Sunday, March 04, 2001
Alive and well
ADD part of son's daily life
About 10 years ago, I was covering a conference on learning disabilities when I happened to catch the presentation given by Dr. Edward Hallowell. Dr. Hallowell's presentation opened with the story of Max, a little boy who was loved and cherished by his parents and who grew to be brilliant, unable to concentrate, constantly fidgeting and struggling to control his own impulsivity.
The details were many, and my immediate recognition of my own son in the telling was by turns electric and terrifying.
A real disability
While media and public opinion tend to be divided on Attention Deficit/Hyperactivity Disorder, anyone who has lived with it knows it is no phantom disability. Whatever your neighbor or fourth-grade teacher have to say, the reality is that ADD and ADHD have been recognized as a disability by the U.S. Education Department, the Office for Civil Rights and the National Institutes of Health.

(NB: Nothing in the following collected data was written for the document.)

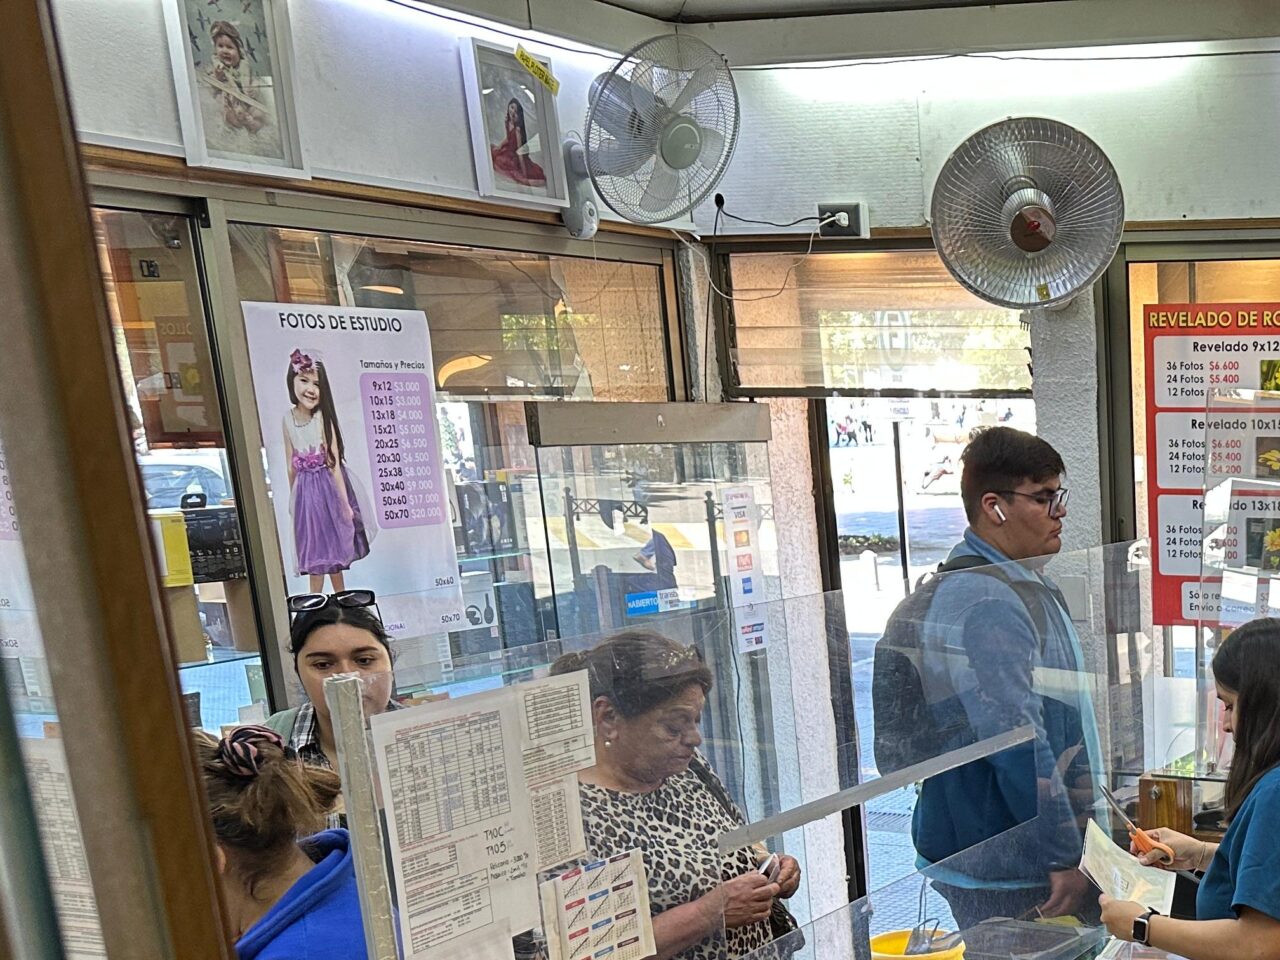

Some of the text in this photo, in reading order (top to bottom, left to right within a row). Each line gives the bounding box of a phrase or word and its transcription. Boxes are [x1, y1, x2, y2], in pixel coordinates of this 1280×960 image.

[279, 312, 403, 333] FOTOS DE ESTUDIO
[1149, 310, 1233, 328] REVELADO
[1237, 310, 1258, 327] DE
[1192, 340, 1280, 353] Revelado 9x12
[360, 359, 393, 369] Tamaños
[400, 360, 425, 370] Precios
[1166, 360, 1240, 372] 36 Fotos $6.600
[1166, 374, 1240, 385] 24 Fotos $5.400
[372, 380, 393, 391] 9x12
[1167, 387, 1178, 397] 12
[1180, 387, 1205, 397] Fotos
[369, 395, 394, 406] 10x15
[371, 409, 396, 420] 13x18
[373, 424, 396, 435] 15x21
[1191, 418, 1247, 430] Revelado
[375, 438, 399, 449] 20x25
[1168, 439, 1242, 450] 36 Fotos $6.600
[376, 453, 401, 463] 20x30
[1168, 451, 1242, 462] 24 Fotos $5.400
[378, 467, 403, 478] 25x38
[1169, 464, 1242, 475] 12 Fotos $4.200
[380, 481, 405, 492] 30x40
[382, 495, 407, 506] 50x60
[384, 509, 410, 520] 50x70
[1165, 525, 1177, 535] 36
[1179, 525, 1203, 535] Fotos
[1165, 538, 1177, 547] 24
[1179, 537, 1203, 547] Fotos
[1166, 550, 1177, 559] 12
[1179, 549, 1203, 559] Fotos
[435, 576, 455, 587] 50x60
[441, 613, 460, 624] 50x70

An estimated 4 to 6 percent of Americans have ADD or ADHD, and once you have become familiar with its manifestations by being diagnosed yourself or being the parent of an affected child, the symptoms are fairly apparent.
Obsessive physical restlessness, difficulty concentrating, appearing not to listen when spoken to, and inability to attend to detail are common manifestations. The disorder runs in families and has been identified as a syndrome, with varying labels, for almost 100 years in medical and scientific literature.

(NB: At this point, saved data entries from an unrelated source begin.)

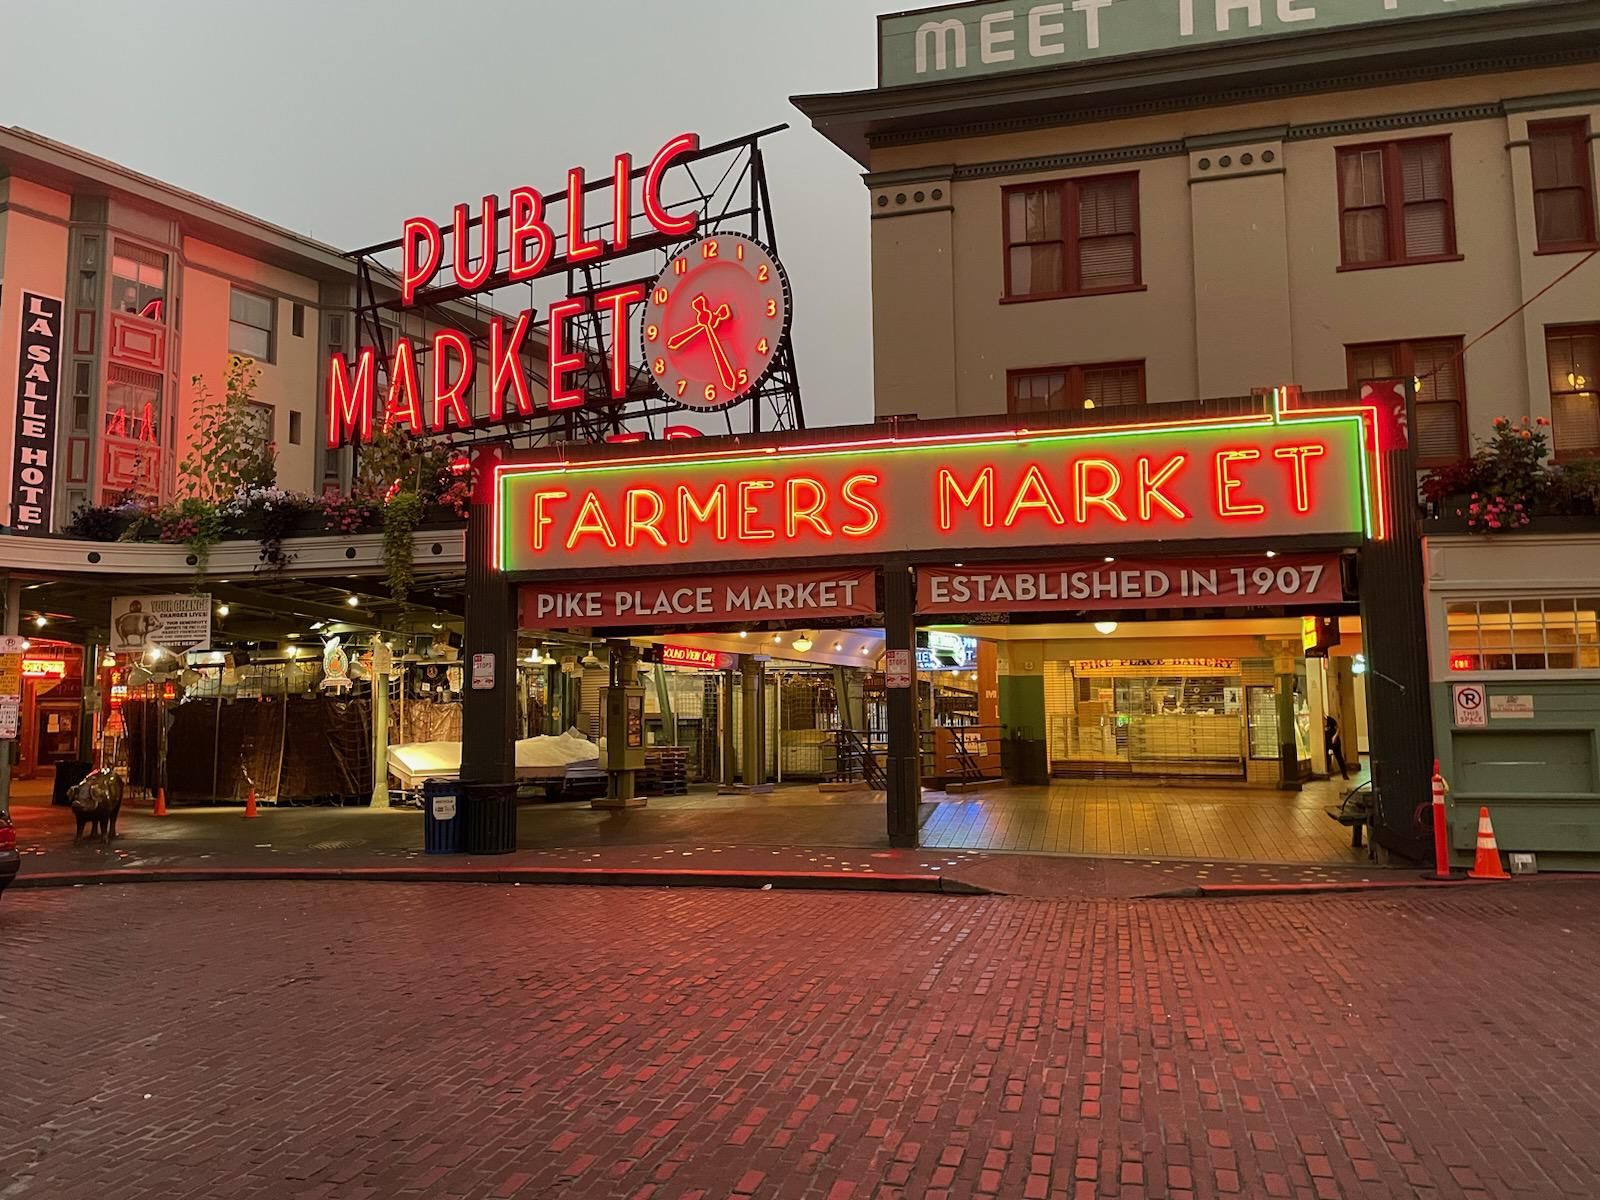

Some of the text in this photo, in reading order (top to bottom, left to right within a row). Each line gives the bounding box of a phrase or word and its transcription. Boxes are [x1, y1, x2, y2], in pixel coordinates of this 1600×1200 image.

[915, 0, 1112, 73] MEET
[401, 132, 700, 306] PUBLIC
[702, 240, 719, 258] 12
[737, 244, 744, 260] 1
[674, 258, 687, 275] 11
[757, 264, 769, 282] 2
[654, 288, 668, 305] 10
[27, 296, 54, 338] LA
[766, 299, 777, 317] 3
[647, 325, 658, 341] 9
[757, 338, 769, 355] 4
[327, 283, 648, 449] MARKET
[654, 358, 665, 375] 8
[737, 369, 748, 386] 5
[21, 344, 52, 440] SALLE
[676, 379, 687, 396] 7
[704, 384, 716, 401] 6
[532, 444, 1325, 550] FARMERS MARKET
[930, 564, 1325, 603] ESTABLISHED IN 1907
[537, 579, 860, 619] PIKE PLACE MARKET
[1080, 660, 1114, 670] PIKE
[1172, 658, 1234, 668] BAKERY

Dr. Hallowell's book, Driven to Distraction, remains a classic on the subject, and its title an apt description of the experience of ADD or ADHD. If you have it, it doesn't go away because you grow up.
It can be treated
It can be treated with medication, therapy and coaching. It can be harnessed as an attribute rather than a disadvantage, but it is always with you.
My son has grown up and is a successful programmer for a computer software company. Still, he struggles daily with balancing the ability to hyperfocus with the inability to concentrate.
I like to think that his little sister will have an easier time because I am more aware, but I see her frustration when she honestly didn't hear instructions, her quick comprehension and love of learning, and her inability to stop wiggling and give closer scrutiny to detail.
We understand any disability better when we can climb into the skin of one who has it for a minute.